Collected data:
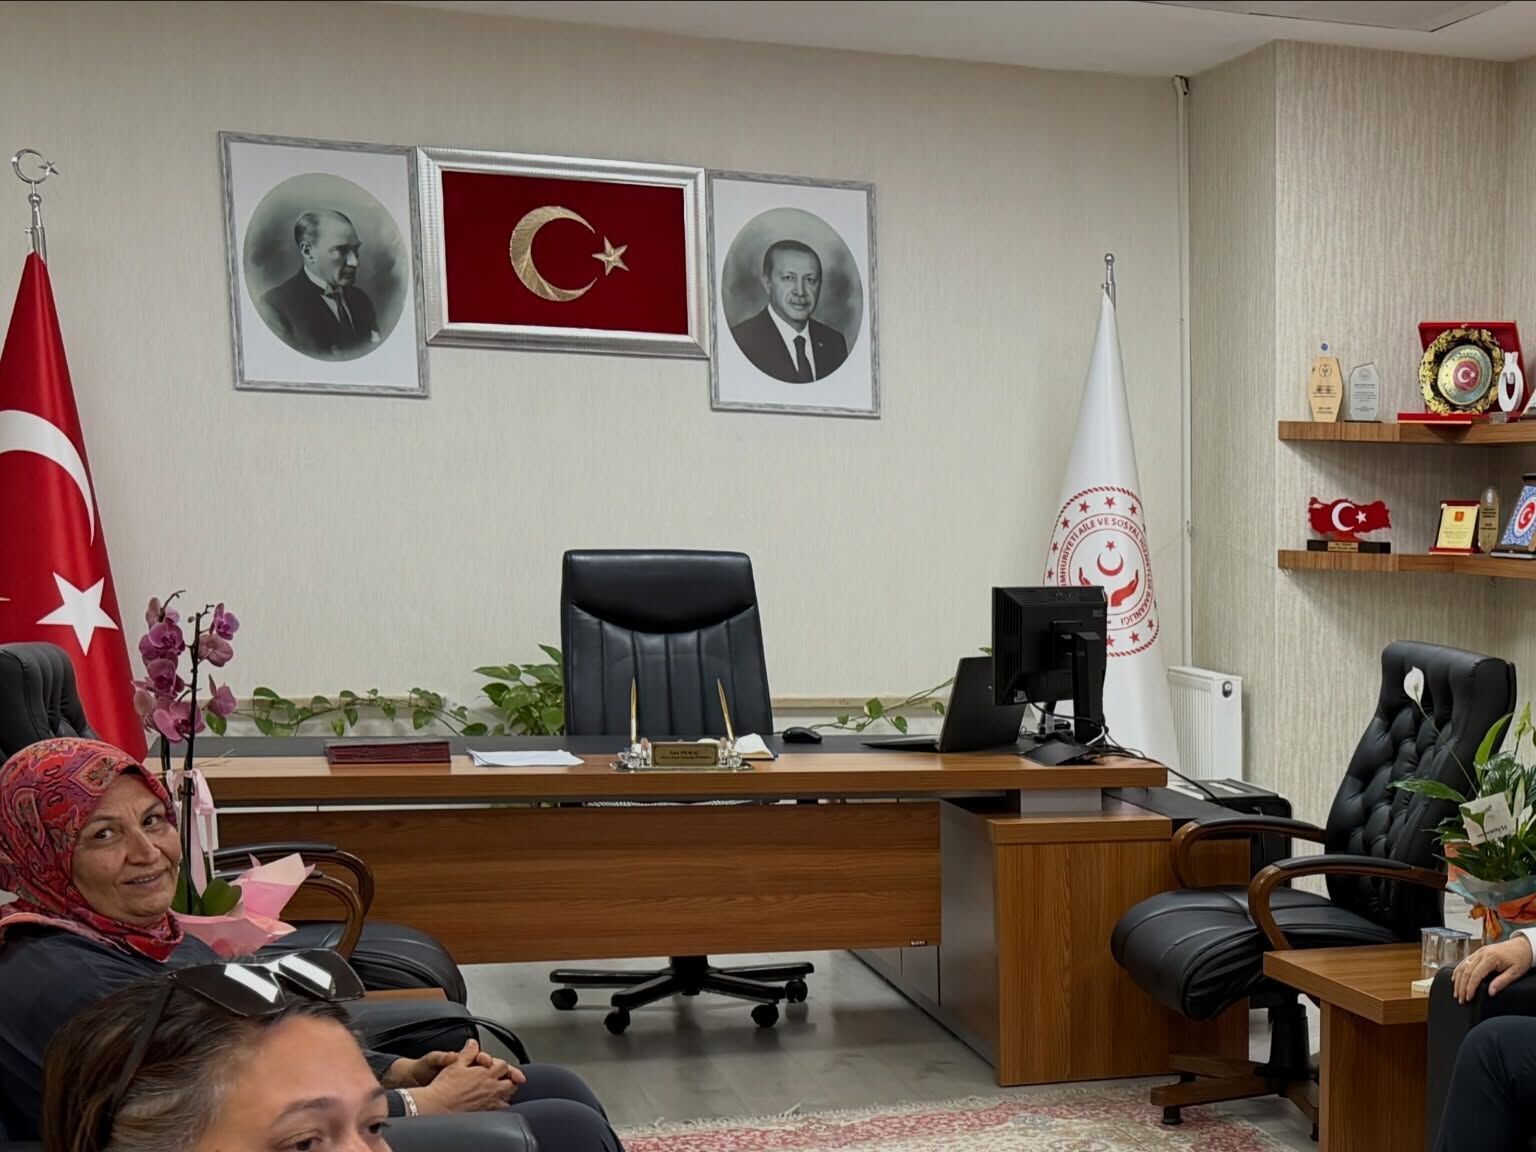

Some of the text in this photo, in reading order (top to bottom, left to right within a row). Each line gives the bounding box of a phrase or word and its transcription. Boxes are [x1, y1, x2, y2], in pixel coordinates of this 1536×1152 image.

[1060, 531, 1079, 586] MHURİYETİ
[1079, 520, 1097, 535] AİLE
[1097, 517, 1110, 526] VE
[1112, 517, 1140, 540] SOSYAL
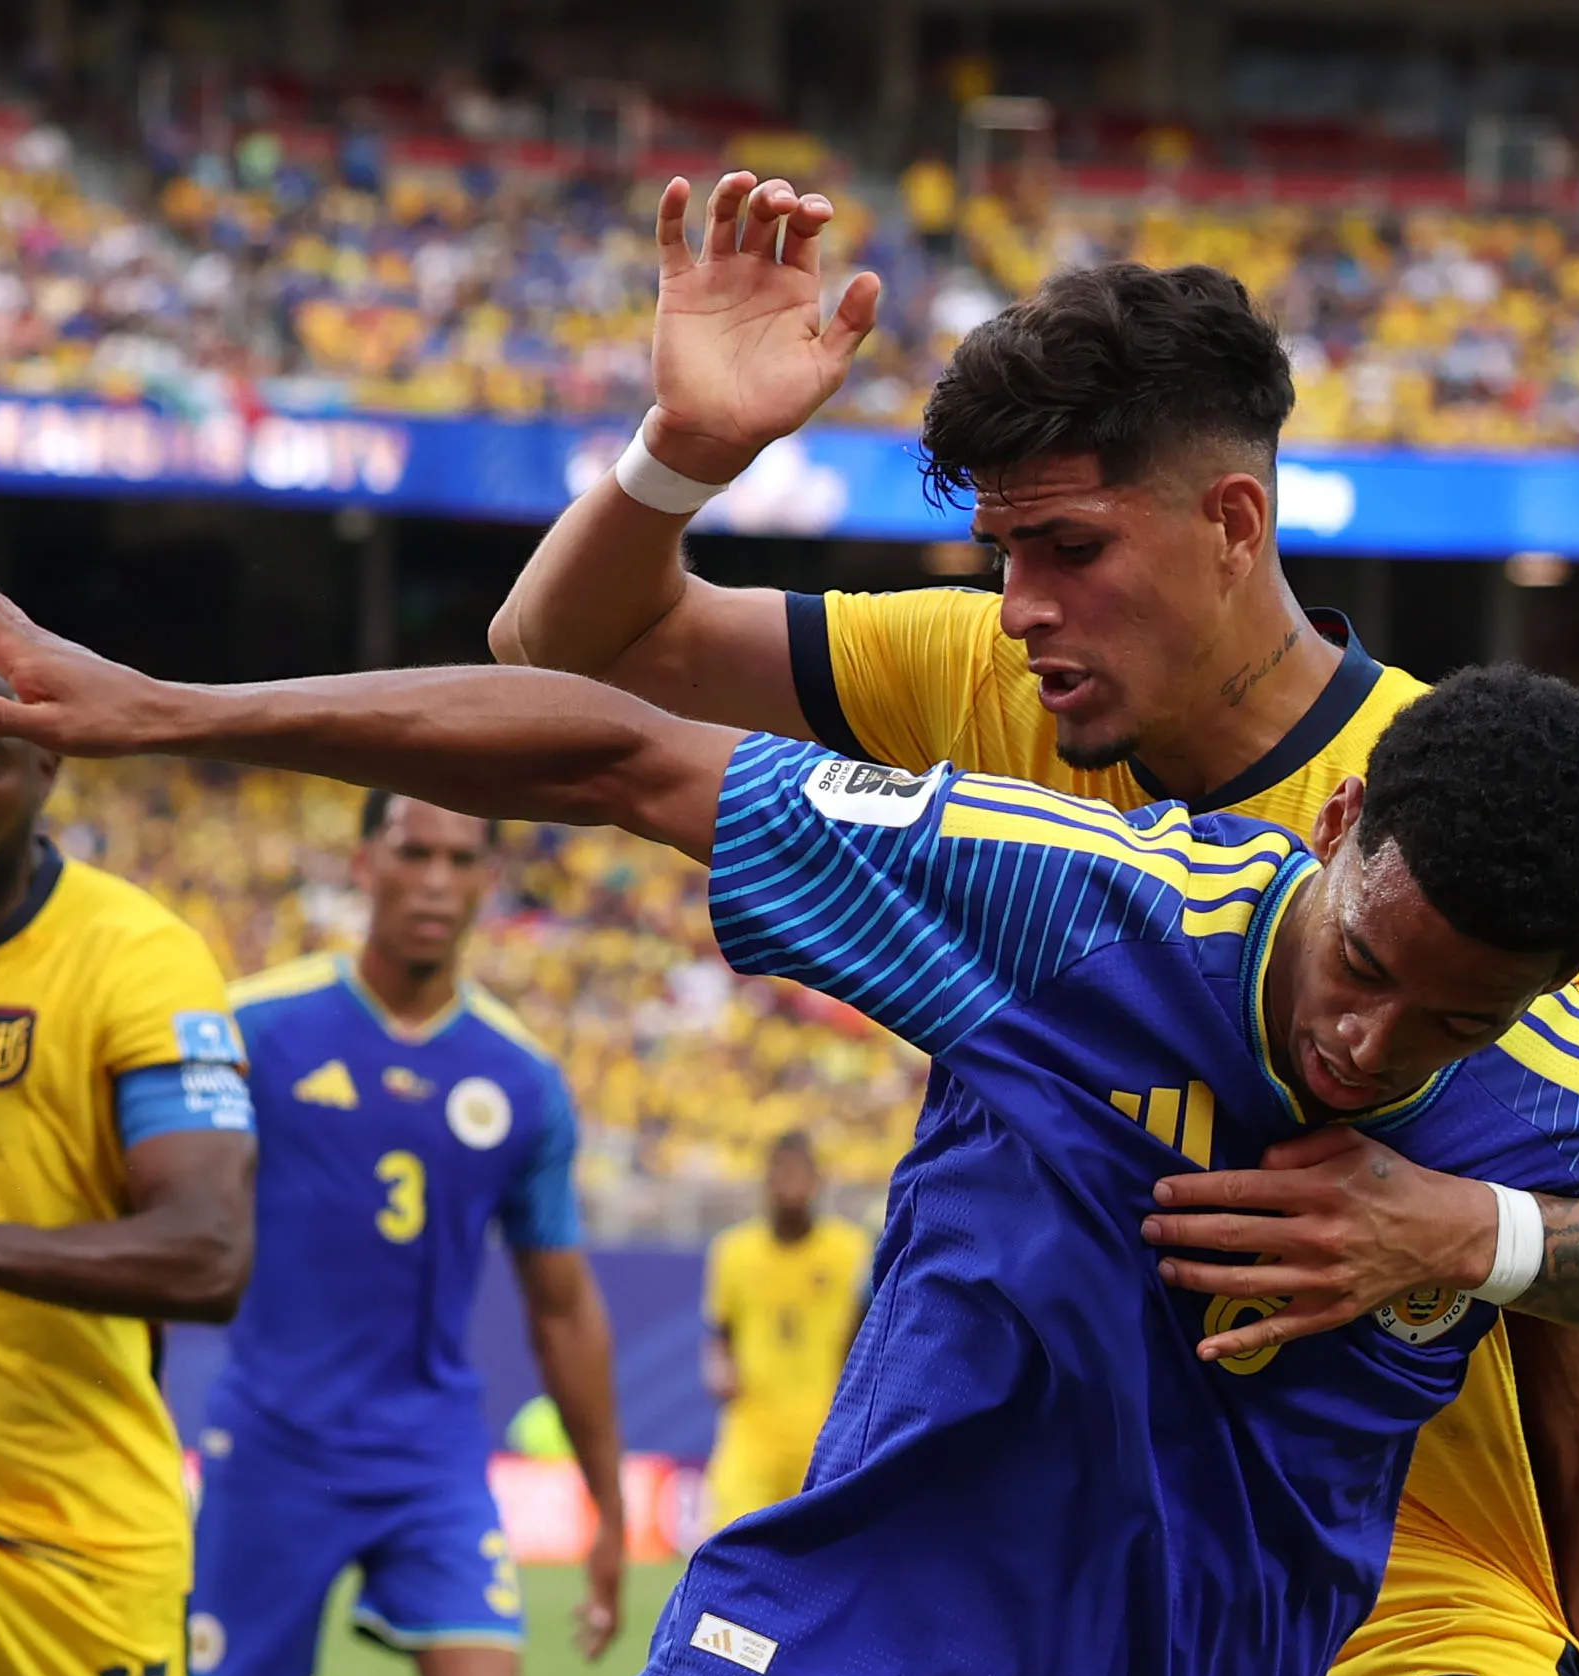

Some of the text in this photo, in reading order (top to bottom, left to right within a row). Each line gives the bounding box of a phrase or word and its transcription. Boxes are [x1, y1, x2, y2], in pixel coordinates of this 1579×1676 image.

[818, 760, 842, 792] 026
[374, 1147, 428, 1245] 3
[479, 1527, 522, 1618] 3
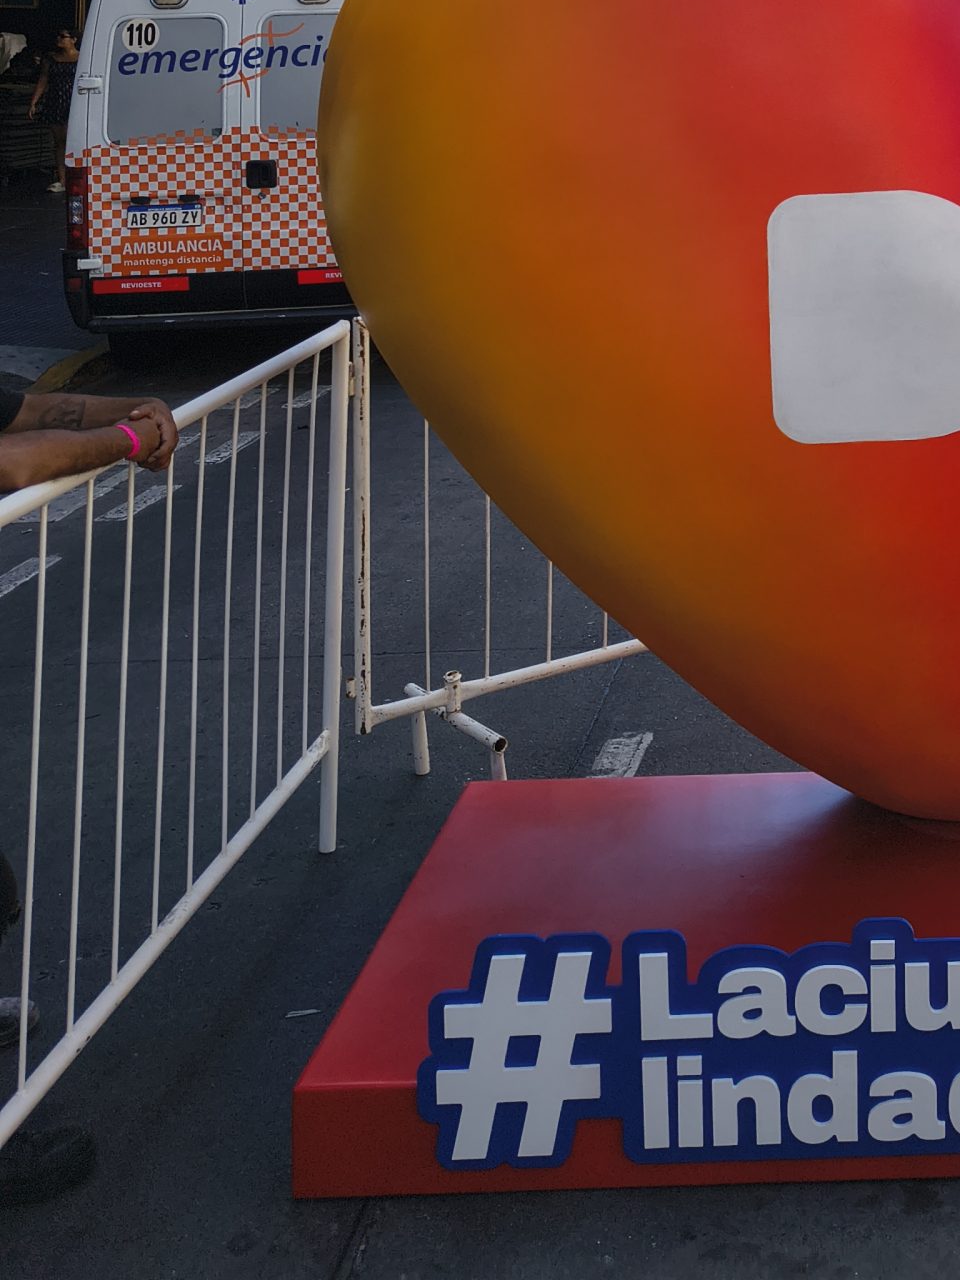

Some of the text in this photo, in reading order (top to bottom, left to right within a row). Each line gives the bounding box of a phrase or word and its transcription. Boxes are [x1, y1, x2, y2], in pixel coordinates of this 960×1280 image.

WORK REQUIRED: What is needed is every entry above, repeated exactly, with the pictures dropped.

SOLUTION TO THE PROBLEM:
Some of the text in this photo, in reading order (top to bottom, left to right within a row). Each line gives the bounding box of a phrase or word and its transcription. Boxes are [x1, y1, x2, y2], in pixel coordinates of this 1536×1152 image.

[1060, 531, 1079, 586] MHURİYETİ
[1079, 520, 1097, 535] AİLE
[1097, 517, 1110, 526] VE
[1112, 517, 1140, 540] SOSYAL

Some of the text in this photo, in reading order (top to bottom, left to right within a row). Each line gives the bounding box of a phrase or word and its transcription. Boxes are [x1, y1, x2, y2], in pixel coordinates of this 1579×1676 image.

[818, 760, 842, 792] 026
[374, 1147, 428, 1245] 3
[479, 1527, 522, 1618] 3

Some of the text in this photo, in reading order (top to bottom, left to right within a row). Each line gives the bounding box of a phrase or word and its transcription. Boxes are [x1, y1, x2, y2], in pixel coordinates of this 960×1280 image.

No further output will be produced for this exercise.